What this task involves: Once the images are set aside, write out the rest of the records exactly.

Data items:
◆ ◆ ◆ ◆ ◆

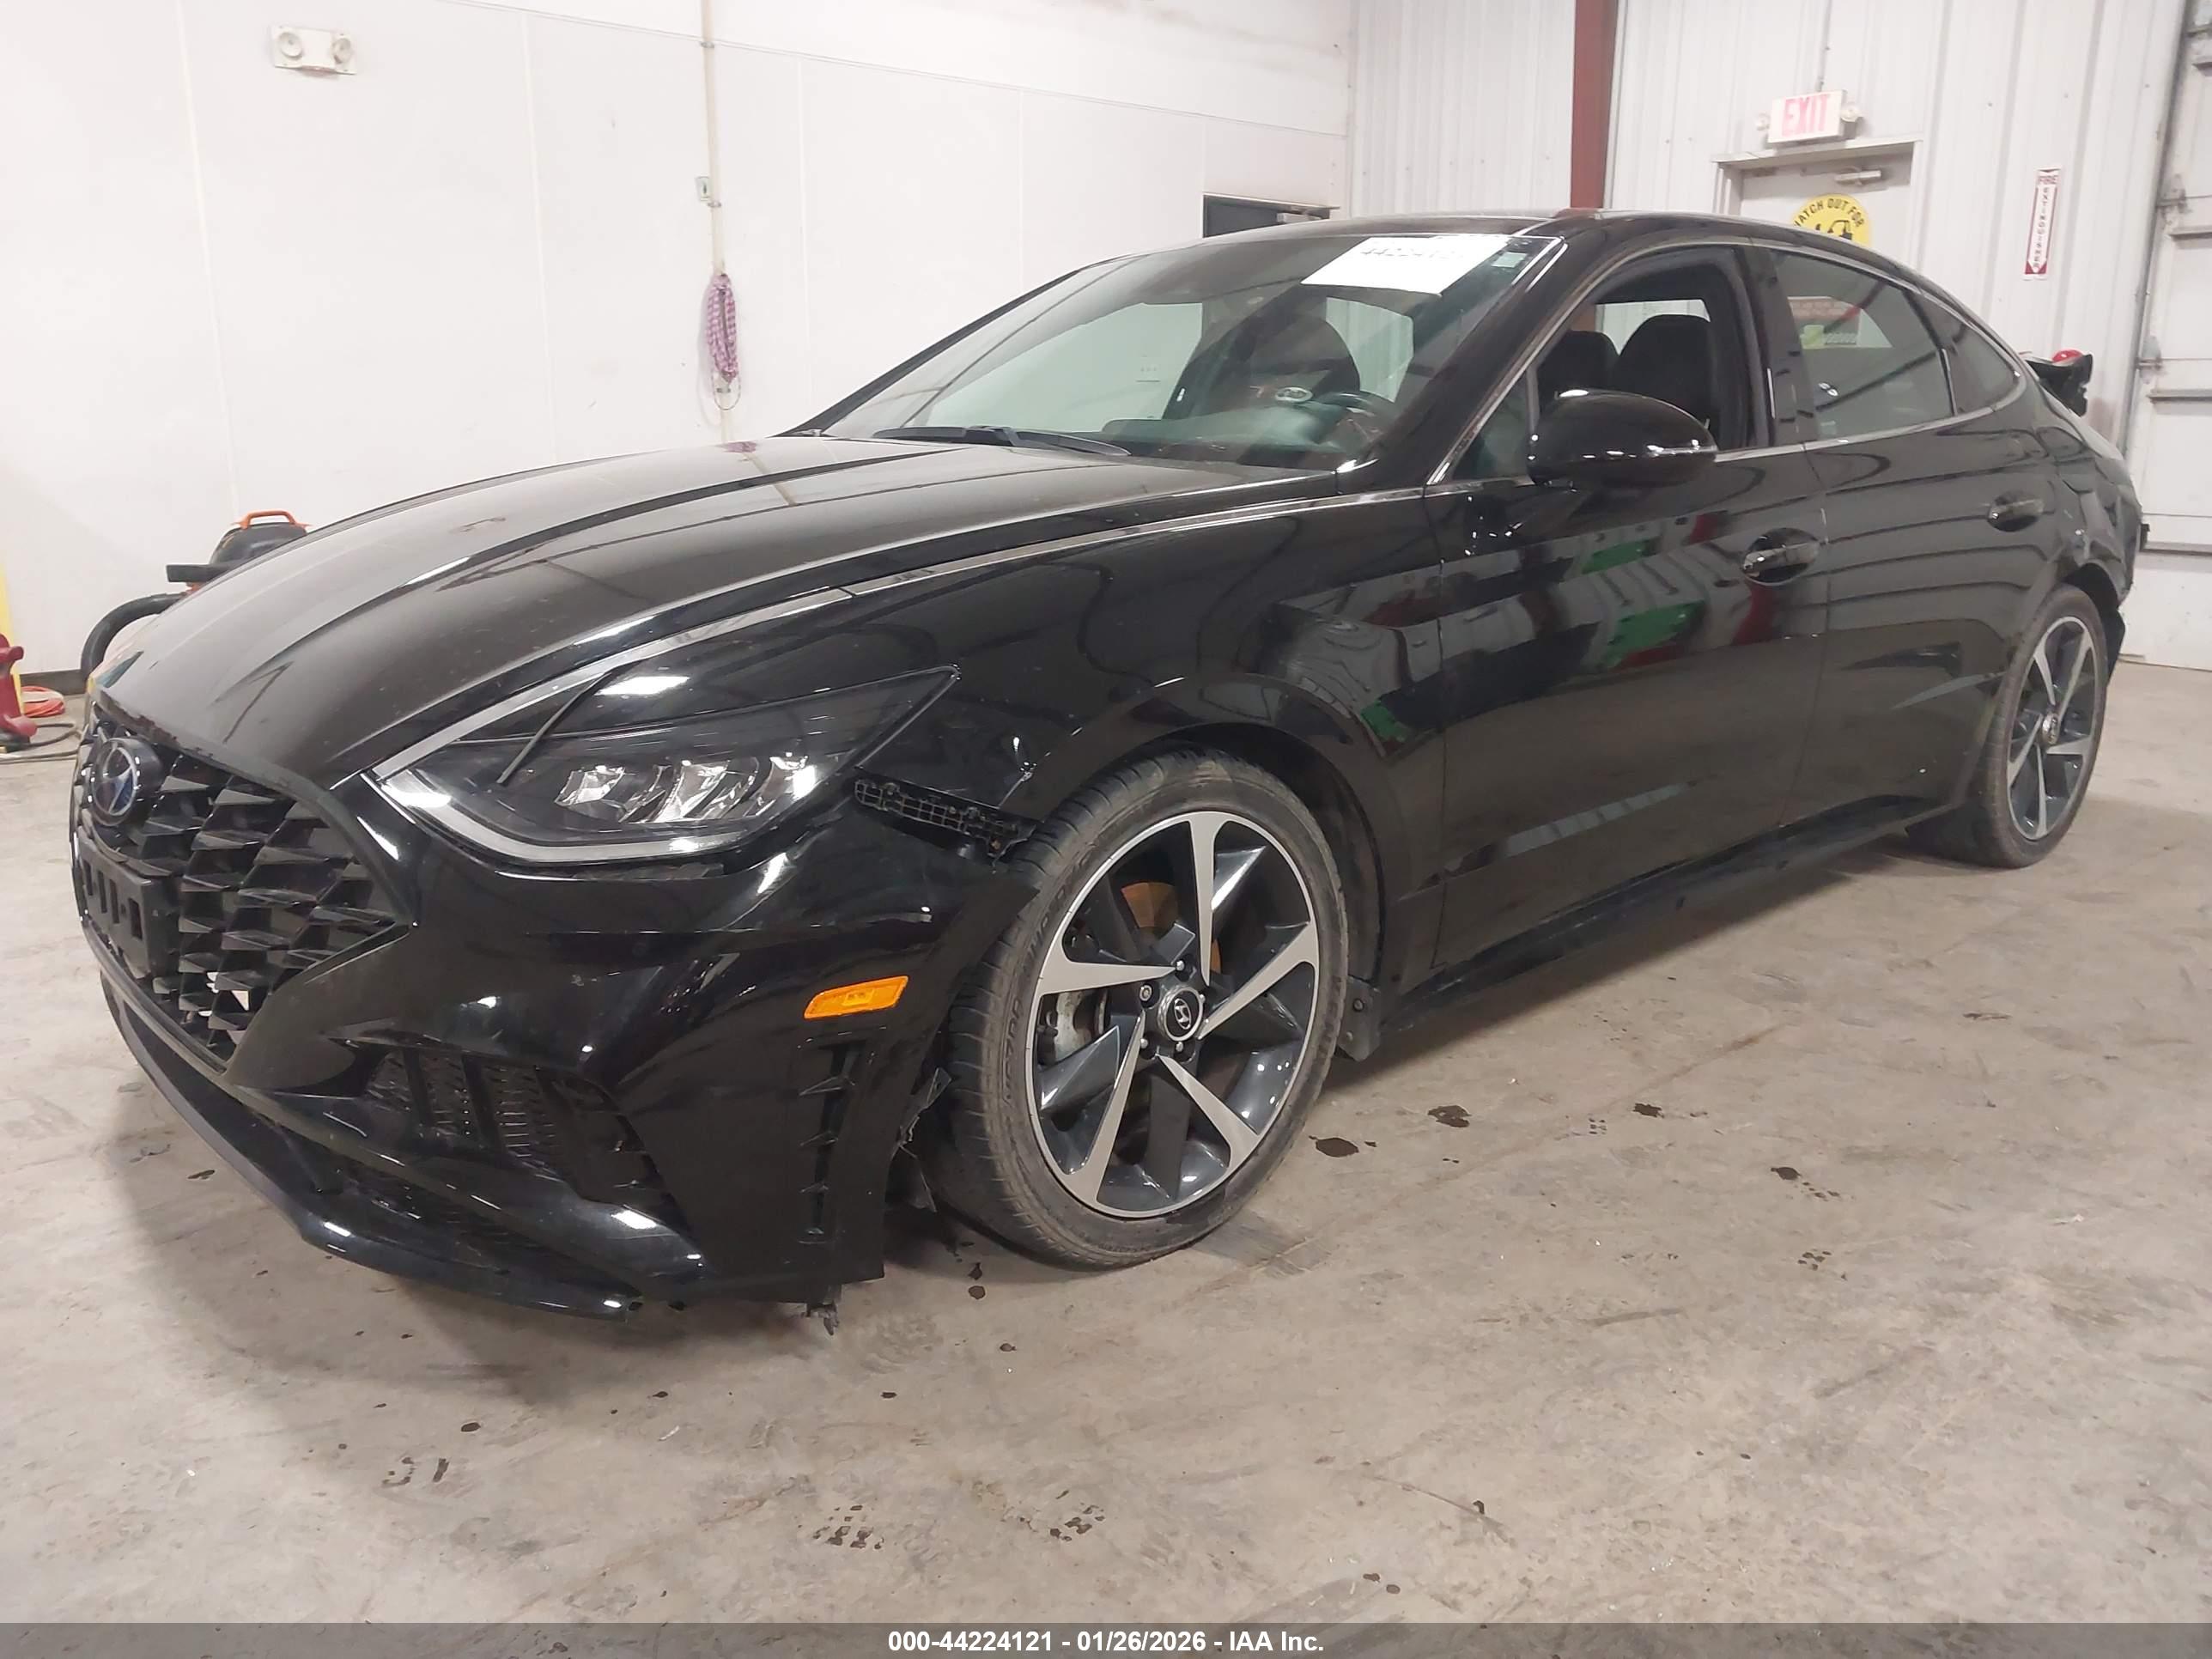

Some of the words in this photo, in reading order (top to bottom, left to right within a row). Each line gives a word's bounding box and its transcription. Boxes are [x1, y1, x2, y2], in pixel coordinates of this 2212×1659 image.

[1782, 93, 1830, 137] EXIT
[2038, 174, 2059, 185] FIRE
[1827, 198, 1850, 210] OUT
[1848, 206, 1864, 227] FOR
[2033, 186, 2049, 268] EXTINGUISHER

◆ ◆ ◆ ◆ ◆

Answer area:
Some of the words in this photo, in reading order (top to bottom, left to right within a row). Each line gives a word's bounding box and its transcription. Boxes are [x1, y1, x2, y2], in pixel coordinates of this 2212×1659 image.

[1782, 93, 1830, 137] EXIT
[2038, 174, 2059, 185] FIRE
[1827, 198, 1850, 210] OUT
[1848, 206, 1864, 227] FOR
[2033, 186, 2049, 268] EXTINGUISHER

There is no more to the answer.